→ WHAT NEEDS TO BE DONE
Since the pictures are not wanted, copy only the text of every record exactly.

→ EXERCISE INPUTS

══════════════════════════════

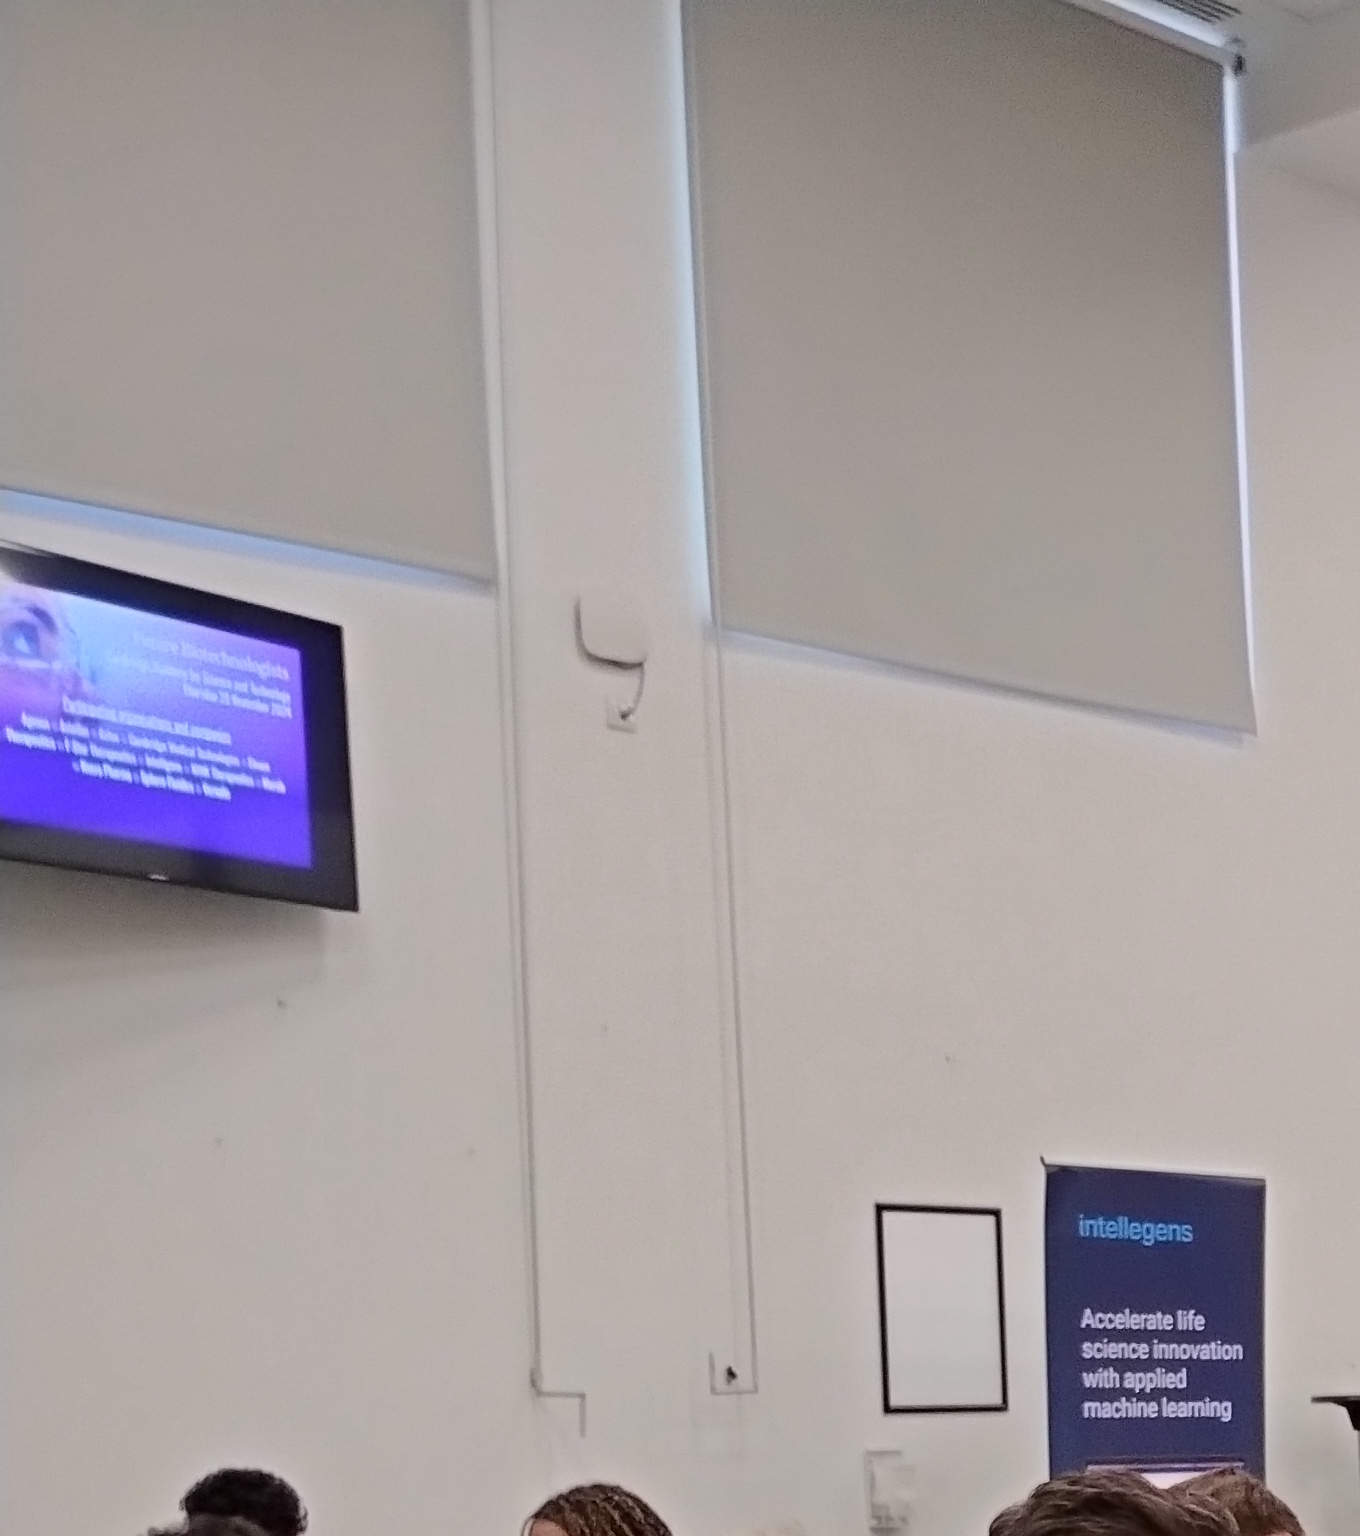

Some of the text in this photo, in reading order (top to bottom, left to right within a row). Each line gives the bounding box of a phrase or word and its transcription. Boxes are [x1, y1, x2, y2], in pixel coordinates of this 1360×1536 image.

[1078, 1214, 1194, 1246] intellegens
[1080, 1307, 1206, 1331] Accelerate life
[1081, 1338, 1244, 1360] science innovation
[1082, 1366, 1187, 1393] with applied
[1082, 1396, 1233, 1422] machine learning
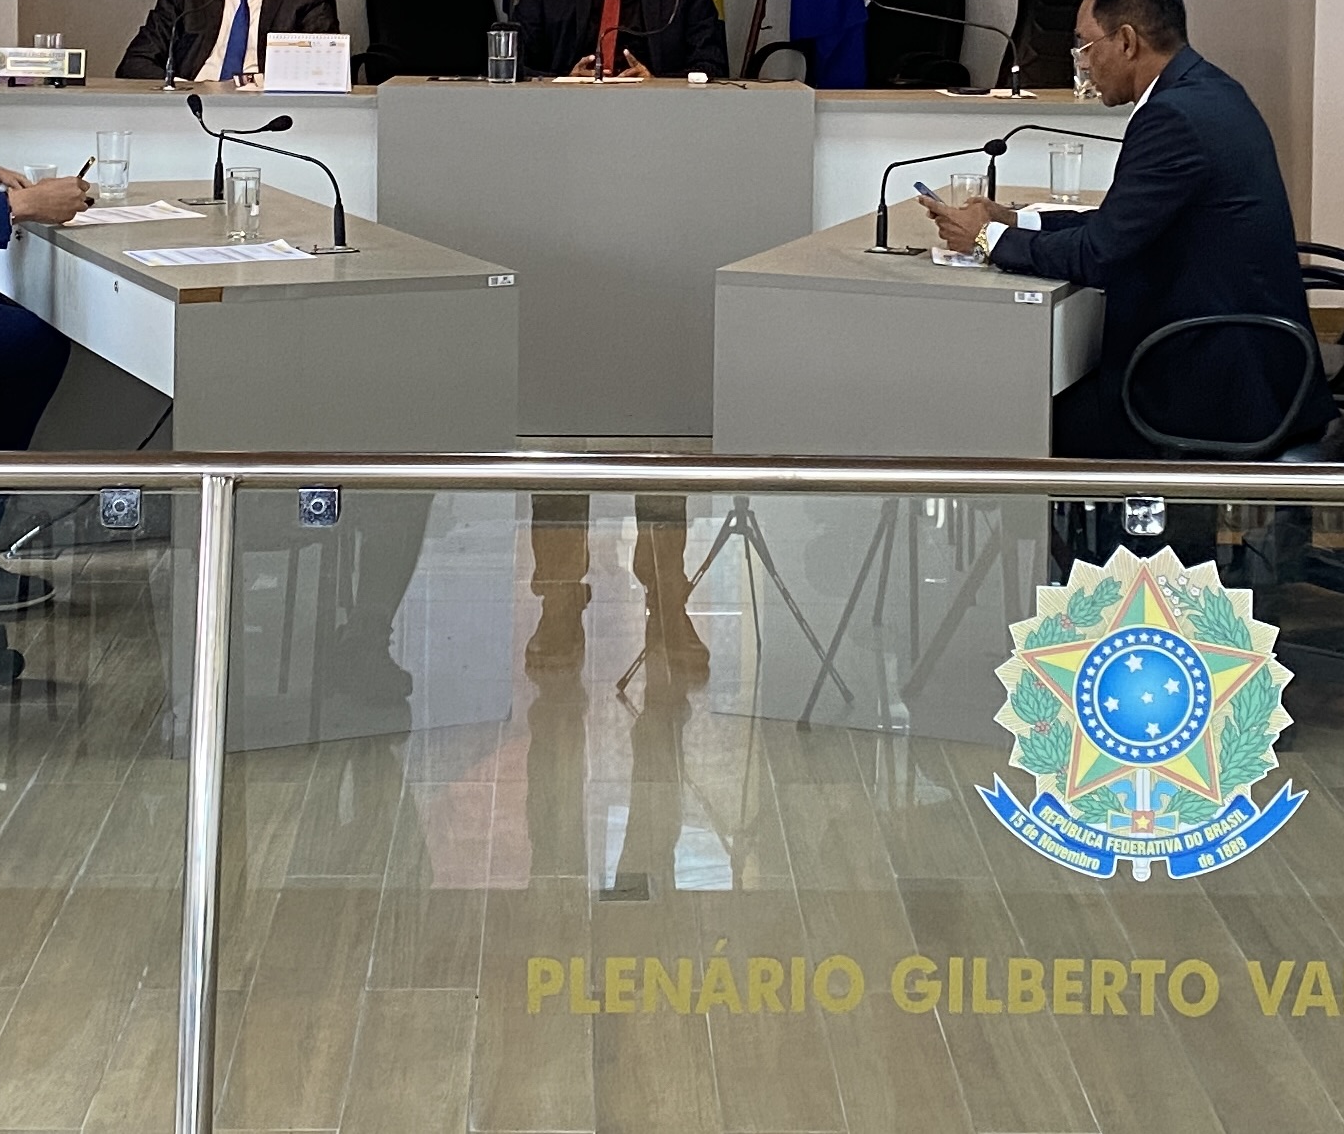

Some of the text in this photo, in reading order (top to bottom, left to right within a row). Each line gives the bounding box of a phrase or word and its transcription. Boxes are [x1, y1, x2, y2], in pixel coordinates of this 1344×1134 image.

══════════════════════════════

→ EXERCISE ANSWER
Some of the text in this photo, in reading order (top to bottom, left to right within a row). Each line gives the bounding box of a phrase or word and its transcription. Boxes are [x1, y1, x2, y2], in pixel coordinates of this 1360×1536 image.

[1078, 1214, 1194, 1246] intellegens
[1080, 1307, 1206, 1331] Accelerate life
[1081, 1338, 1244, 1360] science innovation
[1082, 1366, 1187, 1393] with applied
[1082, 1396, 1233, 1422] machine learning

Some of the text in this photo, in reading order (top to bottom, left to right within a row). Each line gives the bounding box of a phrase or word and its transcription. Boxes are [x1, y1, x2, y2], in pixel coordinates of this 1344×1134 image.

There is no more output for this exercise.